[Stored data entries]

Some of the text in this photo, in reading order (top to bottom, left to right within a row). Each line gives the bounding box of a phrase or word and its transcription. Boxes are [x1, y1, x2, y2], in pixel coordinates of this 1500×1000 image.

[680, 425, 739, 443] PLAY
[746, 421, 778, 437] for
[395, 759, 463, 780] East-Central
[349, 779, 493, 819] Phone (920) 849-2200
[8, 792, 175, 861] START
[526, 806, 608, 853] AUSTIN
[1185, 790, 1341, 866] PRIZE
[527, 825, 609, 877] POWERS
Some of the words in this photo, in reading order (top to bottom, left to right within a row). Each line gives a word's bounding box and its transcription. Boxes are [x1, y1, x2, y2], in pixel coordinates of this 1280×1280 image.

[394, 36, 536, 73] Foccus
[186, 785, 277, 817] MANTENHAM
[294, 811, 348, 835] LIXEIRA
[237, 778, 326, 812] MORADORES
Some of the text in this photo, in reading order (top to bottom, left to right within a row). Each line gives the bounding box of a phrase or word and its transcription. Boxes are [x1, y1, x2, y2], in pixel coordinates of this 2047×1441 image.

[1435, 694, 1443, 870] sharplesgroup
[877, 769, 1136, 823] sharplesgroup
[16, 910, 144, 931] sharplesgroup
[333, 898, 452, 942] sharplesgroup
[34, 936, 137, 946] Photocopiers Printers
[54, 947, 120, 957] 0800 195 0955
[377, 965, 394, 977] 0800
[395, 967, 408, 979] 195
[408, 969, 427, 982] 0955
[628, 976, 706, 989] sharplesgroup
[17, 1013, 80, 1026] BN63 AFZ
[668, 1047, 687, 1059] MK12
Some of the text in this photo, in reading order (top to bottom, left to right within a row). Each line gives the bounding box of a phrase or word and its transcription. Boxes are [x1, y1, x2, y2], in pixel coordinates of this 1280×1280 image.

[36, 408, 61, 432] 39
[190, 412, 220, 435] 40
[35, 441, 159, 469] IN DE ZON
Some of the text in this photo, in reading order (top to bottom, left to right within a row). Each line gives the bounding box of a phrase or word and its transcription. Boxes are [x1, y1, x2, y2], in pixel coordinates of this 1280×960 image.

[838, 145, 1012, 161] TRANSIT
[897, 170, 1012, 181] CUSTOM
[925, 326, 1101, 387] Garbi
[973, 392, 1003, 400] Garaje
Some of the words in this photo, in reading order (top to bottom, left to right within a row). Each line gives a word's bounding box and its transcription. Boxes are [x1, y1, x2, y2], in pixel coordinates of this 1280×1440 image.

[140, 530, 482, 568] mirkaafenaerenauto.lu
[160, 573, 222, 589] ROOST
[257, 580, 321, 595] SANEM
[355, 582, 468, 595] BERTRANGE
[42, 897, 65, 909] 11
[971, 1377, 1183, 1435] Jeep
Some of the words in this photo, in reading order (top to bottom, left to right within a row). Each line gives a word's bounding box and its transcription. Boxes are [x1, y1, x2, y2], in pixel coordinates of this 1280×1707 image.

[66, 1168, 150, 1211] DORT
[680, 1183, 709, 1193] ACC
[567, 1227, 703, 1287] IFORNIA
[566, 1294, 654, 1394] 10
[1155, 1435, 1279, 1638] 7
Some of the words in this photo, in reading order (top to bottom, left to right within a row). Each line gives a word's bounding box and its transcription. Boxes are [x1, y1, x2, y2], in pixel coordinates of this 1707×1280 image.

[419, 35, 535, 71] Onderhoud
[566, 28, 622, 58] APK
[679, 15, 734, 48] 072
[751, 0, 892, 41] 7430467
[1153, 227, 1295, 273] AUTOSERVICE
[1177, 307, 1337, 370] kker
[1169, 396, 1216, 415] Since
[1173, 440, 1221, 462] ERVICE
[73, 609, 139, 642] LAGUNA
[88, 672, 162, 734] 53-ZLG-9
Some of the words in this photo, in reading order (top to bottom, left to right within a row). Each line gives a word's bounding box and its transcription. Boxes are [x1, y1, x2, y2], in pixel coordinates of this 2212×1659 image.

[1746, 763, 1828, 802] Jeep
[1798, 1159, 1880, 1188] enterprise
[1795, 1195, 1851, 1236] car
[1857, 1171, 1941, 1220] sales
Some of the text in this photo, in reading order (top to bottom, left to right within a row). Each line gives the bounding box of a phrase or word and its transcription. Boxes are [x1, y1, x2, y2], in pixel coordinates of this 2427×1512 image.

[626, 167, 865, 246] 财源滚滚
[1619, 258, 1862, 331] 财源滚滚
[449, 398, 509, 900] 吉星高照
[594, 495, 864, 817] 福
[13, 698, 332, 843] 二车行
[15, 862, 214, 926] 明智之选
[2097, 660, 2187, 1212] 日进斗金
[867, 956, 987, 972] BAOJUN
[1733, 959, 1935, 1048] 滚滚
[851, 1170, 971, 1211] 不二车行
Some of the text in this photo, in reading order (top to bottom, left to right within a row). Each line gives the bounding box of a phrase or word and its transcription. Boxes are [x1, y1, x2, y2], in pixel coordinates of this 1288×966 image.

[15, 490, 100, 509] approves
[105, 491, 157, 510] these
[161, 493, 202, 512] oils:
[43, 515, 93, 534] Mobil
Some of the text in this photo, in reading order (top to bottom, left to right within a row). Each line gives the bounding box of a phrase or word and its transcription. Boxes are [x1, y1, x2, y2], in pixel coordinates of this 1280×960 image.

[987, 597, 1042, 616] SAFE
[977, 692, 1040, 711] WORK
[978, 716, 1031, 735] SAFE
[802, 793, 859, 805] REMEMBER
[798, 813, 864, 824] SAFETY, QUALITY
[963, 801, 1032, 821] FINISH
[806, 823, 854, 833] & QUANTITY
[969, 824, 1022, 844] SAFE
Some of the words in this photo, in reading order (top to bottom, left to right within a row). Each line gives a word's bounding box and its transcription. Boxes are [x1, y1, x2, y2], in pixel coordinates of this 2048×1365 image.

### Problem
Each entry above is to be printed again exactly.

### Output below
Some of the text in this photo, in reading order (top to bottom, left to right within a row). Each line gives the bounding box of a phrase or word and its transcription. Boxes are [x1, y1, x2, y2], in pixel coordinates of this 1500×1000 image.

[680, 425, 739, 443] PLAY
[746, 421, 778, 437] for
[395, 759, 463, 780] East-Central
[349, 779, 493, 819] Phone (920) 849-2200
[8, 792, 175, 861] START
[526, 806, 608, 853] AUSTIN
[1185, 790, 1341, 866] PRIZE
[527, 825, 609, 877] POWERS
Some of the words in this photo, in reading order (top to bottom, left to right within a row). Each line gives a word's bounding box and its transcription. Boxes are [x1, y1, x2, y2], in pixel coordinates of this 1280×1280 image.

[394, 36, 536, 73] Foccus
[186, 785, 277, 817] MANTENHAM
[294, 811, 348, 835] LIXEIRA
[237, 778, 326, 812] MORADORES
Some of the text in this photo, in reading order (top to bottom, left to right within a row). Each line gives the bounding box of a phrase or word and its transcription. Boxes are [x1, y1, x2, y2], in pixel coordinates of this 2047×1441 image.

[1435, 694, 1443, 870] sharplesgroup
[877, 769, 1136, 823] sharplesgroup
[16, 910, 144, 931] sharplesgroup
[333, 898, 452, 942] sharplesgroup
[34, 936, 137, 946] Photocopiers Printers
[54, 947, 120, 957] 0800 195 0955
[377, 965, 394, 977] 0800
[395, 967, 408, 979] 195
[408, 969, 427, 982] 0955
[628, 976, 706, 989] sharplesgroup
[17, 1013, 80, 1026] BN63 AFZ
[668, 1047, 687, 1059] MK12
Some of the text in this photo, in reading order (top to bottom, left to right within a row). Each line gives the bounding box of a phrase or word and its transcription. Boxes are [x1, y1, x2, y2], in pixel coordinates of this 1280×1280 image.

[36, 408, 61, 432] 39
[190, 412, 220, 435] 40
[35, 441, 159, 469] IN DE ZON
Some of the text in this photo, in reading order (top to bottom, left to right within a row). Each line gives the bounding box of a phrase or word and its transcription. Boxes are [x1, y1, x2, y2], in pixel coordinates of this 1280×960 image.

[838, 145, 1012, 161] TRANSIT
[897, 170, 1012, 181] CUSTOM
[925, 326, 1101, 387] Garbi
[973, 392, 1003, 400] Garaje
Some of the words in this photo, in reading order (top to bottom, left to right within a row). Each line gives a word's bounding box and its transcription. Boxes are [x1, y1, x2, y2], in pixel coordinates of this 1280×1440 image.

[140, 530, 482, 568] mirkaafenaerenauto.lu
[160, 573, 222, 589] ROOST
[257, 580, 321, 595] SANEM
[355, 582, 468, 595] BERTRANGE
[42, 897, 65, 909] 11
[971, 1377, 1183, 1435] Jeep
Some of the words in this photo, in reading order (top to bottom, left to right within a row). Each line gives a word's bounding box and its transcription. Boxes are [x1, y1, x2, y2], in pixel coordinates of this 1280×1707 image.

[66, 1168, 150, 1211] DORT
[680, 1183, 709, 1193] ACC
[567, 1227, 703, 1287] IFORNIA
[566, 1294, 654, 1394] 10
[1155, 1435, 1279, 1638] 7
Some of the words in this photo, in reading order (top to bottom, left to right within a row). Each line gives a word's bounding box and its transcription. Boxes are [x1, y1, x2, y2], in pixel coordinates of this 1707×1280 image.

[419, 35, 535, 71] Onderhoud
[566, 28, 622, 58] APK
[679, 15, 734, 48] 072
[751, 0, 892, 41] 7430467
[1153, 227, 1295, 273] AUTOSERVICE
[1177, 307, 1337, 370] kker
[1169, 396, 1216, 415] Since
[1173, 440, 1221, 462] ERVICE
[73, 609, 139, 642] LAGUNA
[88, 672, 162, 734] 53-ZLG-9
Some of the words in this photo, in reading order (top to bottom, left to right within a row). Each line gives a word's bounding box and its transcription. Boxes are [x1, y1, x2, y2], in pixel coordinates of this 2212×1659 image.

[1746, 763, 1828, 802] Jeep
[1798, 1159, 1880, 1188] enterprise
[1795, 1195, 1851, 1236] car
[1857, 1171, 1941, 1220] sales
Some of the text in this photo, in reading order (top to bottom, left to right within a row). Each line gives the bounding box of a phrase or word and its transcription. Boxes are [x1, y1, x2, y2], in pixel coordinates of this 2427×1512 image.

[626, 167, 865, 246] 财源滚滚
[1619, 258, 1862, 331] 财源滚滚
[449, 398, 509, 900] 吉星高照
[594, 495, 864, 817] 福
[13, 698, 332, 843] 二车行
[15, 862, 214, 926] 明智之选
[2097, 660, 2187, 1212] 日进斗金
[867, 956, 987, 972] BAOJUN
[1733, 959, 1935, 1048] 滚滚
[851, 1170, 971, 1211] 不二车行
Some of the text in this photo, in reading order (top to bottom, left to right within a row). Each line gives the bounding box of a phrase or word and its transcription. Boxes are [x1, y1, x2, y2], in pixel coordinates of this 1288×966 image.

[15, 490, 100, 509] approves
[105, 491, 157, 510] these
[161, 493, 202, 512] oils:
[43, 515, 93, 534] Mobil
Some of the text in this photo, in reading order (top to bottom, left to right within a row). Each line gives the bounding box of a phrase or word and its transcription. Boxes are [x1, y1, x2, y2], in pixel coordinates of this 1280×960 image.

[987, 597, 1042, 616] SAFE
[977, 692, 1040, 711] WORK
[978, 716, 1031, 735] SAFE
[802, 793, 859, 805] REMEMBER
[798, 813, 864, 824] SAFETY, QUALITY
[963, 801, 1032, 821] FINISH
[806, 823, 854, 833] & QUANTITY
[969, 824, 1022, 844] SAFE
Some of the words in this photo, in reading order (top to bottom, left to right within a row). Each line gives a word's bounding box and its transcription. Boxes are [x1, y1, x2, y2], in pixel coordinates of this 2048×1365 image.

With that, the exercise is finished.